Chapter 15 — Quiz
A short self-check on the chapter's core ideas about meetings, nemawashi, the soft no, and negotiation styles. Answer before opening the solutions. Aim for 20–30 minutes. Scoring guide at the bottom.
Section 1 — Multiple Choice
Choose the single best answer.
1. In much of the East, the formal meeting often functions as: - A) The forge where the decision is made through live debate - B) A ratification of a decision largely built offstage beforehand - C) A purely social event with no business purpose - D) A place to spring surprise proposals for maximum impact
2. Nemawashi refers to: - A) A formal vote taken at the end of a meeting - B) The patient, one-on-one consensus-building done before a formal decision - C) A Japanese contract document - D) The practice of staying silent to pressure the other side
3. "Slow to decide, fast to execute" describes the Japanese pattern because: - A) Japanese firms are inefficient until a deadline forces action - B) Buy-in is built thoroughly in advance, so implementation meets little resistance - C) Executives make snap decisions and then plan slowly - D) The meeting itself takes a very long time
4. In the stalled-Japan negotiation, "That might be a little difficult" most likely means: - A) A solvable obstacle the speaker wants help removing - B) The speaker is undecided and needs more information - C) A polite, face-saving no - D) The speaker wants you to lower your price
5. Why does pushing harder damage a deal in Japan? - A) It makes the Westerner look weak - B) It forces the host to refuse you to your face, costing face and harming harmony - C) Japanese negotiators respect aggression and will exploit it - D) It violates a written rule of Japanese contract law
6. A long silence from a Chinese counterpart after you name your price is best read as: - A) Confusion about the terms - B) Agreement with your number - C) A likely deliberate tactic — and a cue not to negotiate against yourself - D) A sign the meeting is over
7. Which best describes Korean meeting dynamics? - A) Fluid timing and open junior–senior debate - B) Strict hierarchy — the most senior person typically speaks first and last - C) No decision-maker; pure consensus like Japan - D) Extended personal conversation before any business
8. Across Chinese and Arab negotiation, what is true of "final" terms? - A) They are legally sealed and never reopened - B) They may be reopened later, especially within a trusting relationship - C) They must be signed within 24 hours - D) They are decided entirely by consensus vote
Section 2 — True / False
Mark each true or false, and add a phrase of justification.
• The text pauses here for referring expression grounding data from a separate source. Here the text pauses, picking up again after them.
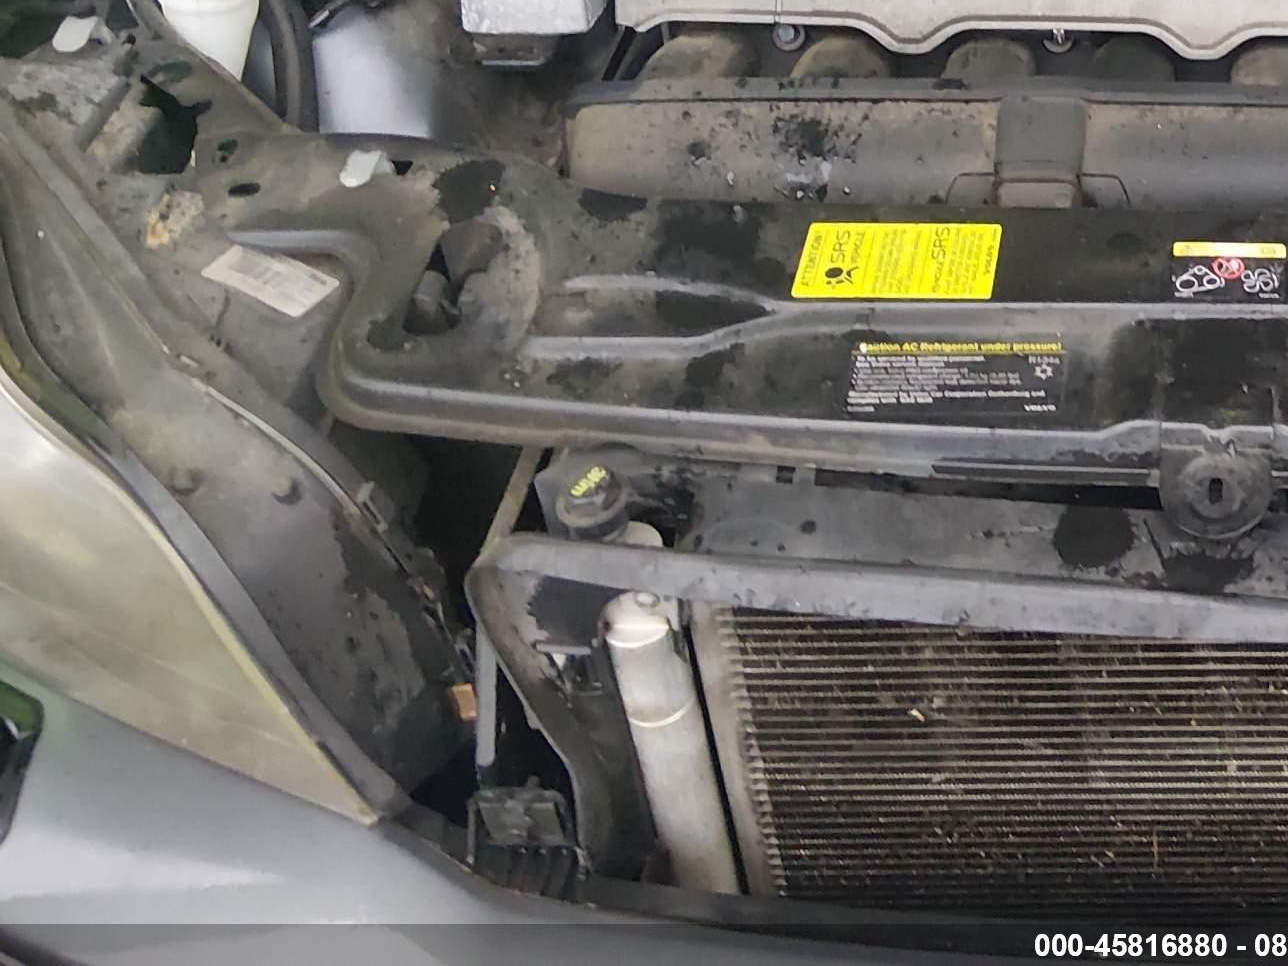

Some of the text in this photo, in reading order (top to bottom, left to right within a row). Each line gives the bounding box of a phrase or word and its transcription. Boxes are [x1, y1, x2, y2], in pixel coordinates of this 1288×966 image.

[830, 229, 851, 264] SRS
[930, 225, 951, 261] SRS
[902, 341, 919, 351] AC
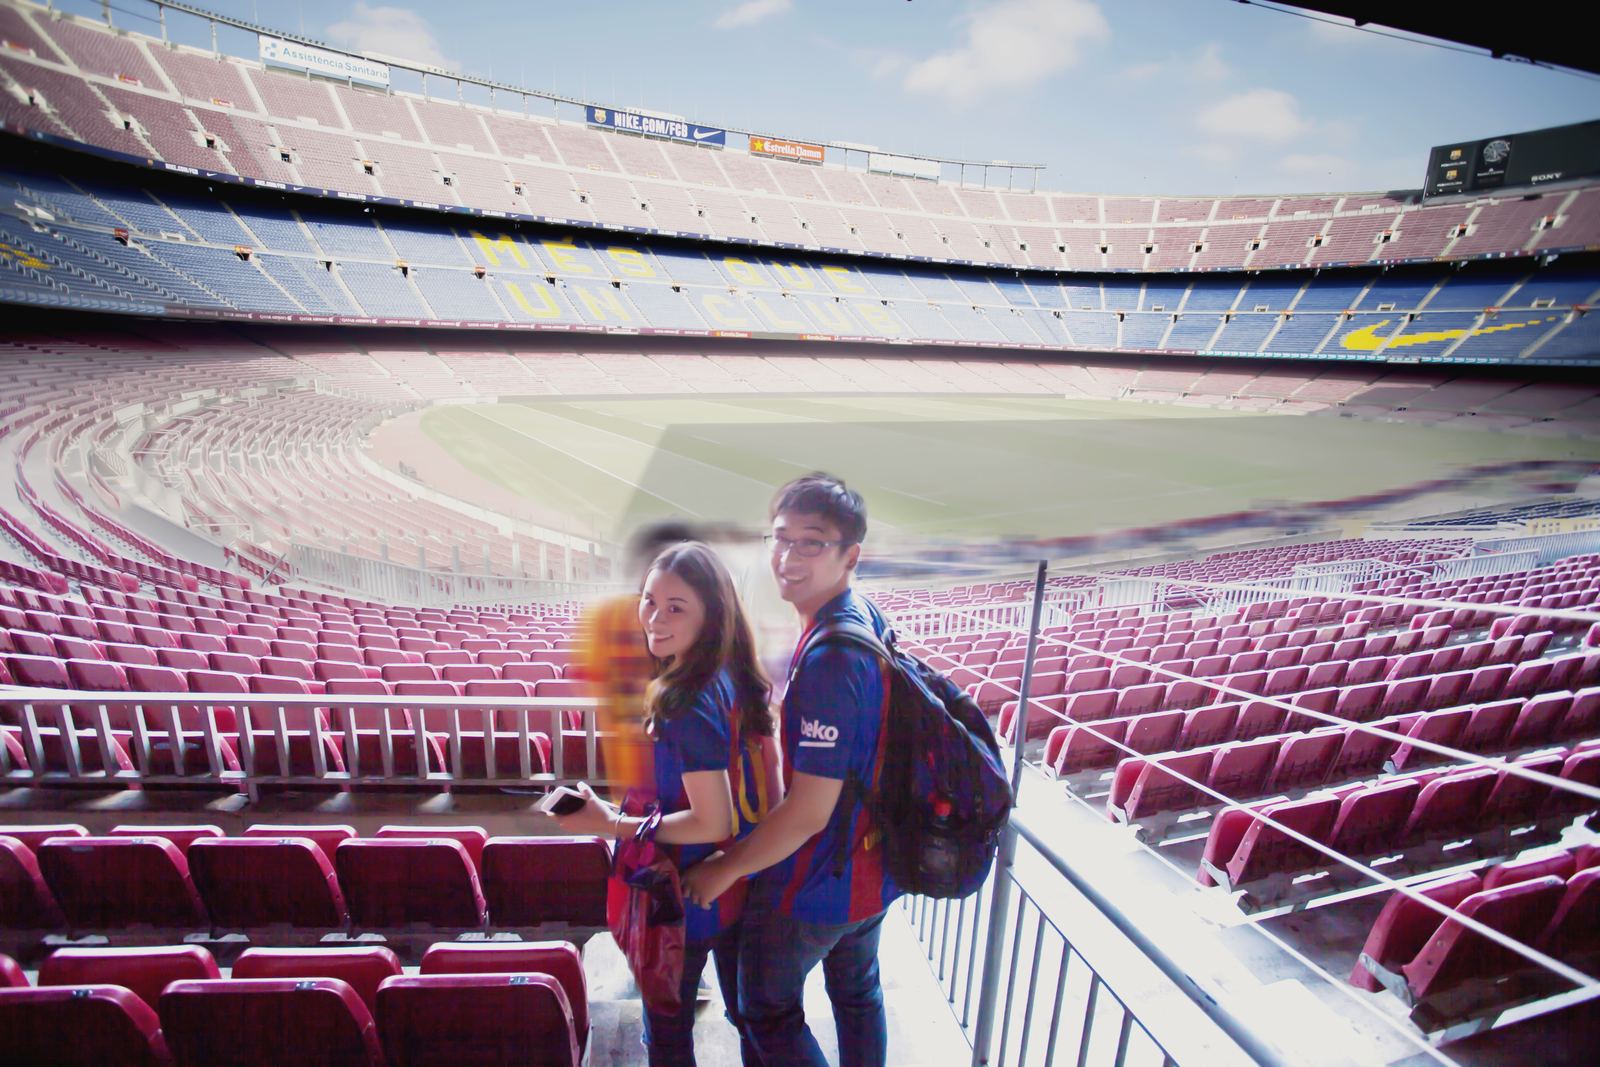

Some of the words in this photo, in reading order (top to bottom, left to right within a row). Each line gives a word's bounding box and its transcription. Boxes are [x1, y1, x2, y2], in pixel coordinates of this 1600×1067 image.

[614, 112, 688, 138] NIKE.COM/FCB
[764, 140, 795, 155] Estrella
[796, 145, 821, 158] Damm
[1531, 172, 1563, 181] SONY
[724, 257, 865, 292] QUE
[506, 282, 631, 321] UN
[801, 716, 839, 741] beko
9. The best place to introduce a brand-new, un-socialized proposal in a Japanese firm is the big formal meeting, for maximum impact. T / F
10. In a relationship-first negotiation, a personal bond built over coffee and conversation can effectively be the agreement, with paperwork following the trust. T / F
11. "Eastern meeting style" is essentially uniform across Japan, China, Korea, India, and the Arab world. T / F
12. Reading a flat, debate-free Japanese meeting as a failure is usually a mistake — it often means the offstage nemawashi worked. T / F
13. Filling an awkward silence in a Chinese negotiation with a small concession is a smart way to keep things moving. T / F
Section 3 — Short Answer
Two or three sentences each.
14. Explain why nemawashi, which a Westerner might first hear as "back-room politics," is better understood as considerate.
15. A Western team keeps "persisting" through three soft refusals and the deal dies. Diagnose, in cultural terms, what actually killed it.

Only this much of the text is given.